- [TASK]
All that should appear is the line containing "this 1536×1152 image." and the lines after it in the records below, each reproduced exactly.
--- START ---
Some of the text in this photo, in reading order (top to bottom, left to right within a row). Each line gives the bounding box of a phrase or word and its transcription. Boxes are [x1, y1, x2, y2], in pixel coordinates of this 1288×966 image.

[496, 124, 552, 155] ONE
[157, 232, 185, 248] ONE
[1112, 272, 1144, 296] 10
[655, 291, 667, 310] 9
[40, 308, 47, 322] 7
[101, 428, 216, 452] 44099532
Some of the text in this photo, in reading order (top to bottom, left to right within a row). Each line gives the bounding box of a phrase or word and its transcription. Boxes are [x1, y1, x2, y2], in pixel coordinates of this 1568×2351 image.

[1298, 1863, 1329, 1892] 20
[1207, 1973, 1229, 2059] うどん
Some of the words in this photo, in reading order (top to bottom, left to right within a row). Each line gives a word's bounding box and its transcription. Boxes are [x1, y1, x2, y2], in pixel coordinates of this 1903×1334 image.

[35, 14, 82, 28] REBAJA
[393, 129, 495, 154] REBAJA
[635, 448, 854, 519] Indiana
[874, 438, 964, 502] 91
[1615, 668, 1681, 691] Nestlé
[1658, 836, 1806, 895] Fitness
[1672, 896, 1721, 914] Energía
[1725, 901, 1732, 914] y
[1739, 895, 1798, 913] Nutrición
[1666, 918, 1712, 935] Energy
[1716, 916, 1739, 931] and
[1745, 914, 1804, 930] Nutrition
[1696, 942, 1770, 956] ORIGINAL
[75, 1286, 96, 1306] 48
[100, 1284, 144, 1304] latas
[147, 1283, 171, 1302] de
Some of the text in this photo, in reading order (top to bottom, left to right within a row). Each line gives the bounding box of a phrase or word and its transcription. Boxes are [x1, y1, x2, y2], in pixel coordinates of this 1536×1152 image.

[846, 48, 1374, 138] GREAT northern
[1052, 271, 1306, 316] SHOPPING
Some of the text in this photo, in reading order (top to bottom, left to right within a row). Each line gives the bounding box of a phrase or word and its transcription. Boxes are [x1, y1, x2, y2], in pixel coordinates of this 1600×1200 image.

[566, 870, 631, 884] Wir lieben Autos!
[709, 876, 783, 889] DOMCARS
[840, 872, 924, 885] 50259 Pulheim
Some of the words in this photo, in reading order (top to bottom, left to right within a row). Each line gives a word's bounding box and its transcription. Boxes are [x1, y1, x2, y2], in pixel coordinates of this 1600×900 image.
--- END ---
- [ANSWER BOX]
Some of the text in this photo, in reading order (top to bottom, left to right within a row). Each line gives the bounding box of a phrase or word and its transcription. Boxes are [x1, y1, x2, y2], in pixel coordinates of this 1536×1152 image.

[846, 48, 1374, 138] GREAT northern
[1052, 271, 1306, 316] SHOPPING
Some of the text in this photo, in reading order (top to bottom, left to right within a row). Each line gives the bounding box of a phrase or word and its transcription. Boxes are [x1, y1, x2, y2], in pixel coordinates of this 1600×1200 image.

[566, 870, 631, 884] Wir lieben Autos!
[709, 876, 783, 889] DOMCARS
[840, 872, 924, 885] 50259 Pulheim
Some of the words in this photo, in reading order (top to bottom, left to right within a row). Each line gives a word's bounding box and its transcription. Boxes are [x1, y1, x2, y2], in pixel coordinates of this 1600×900 image.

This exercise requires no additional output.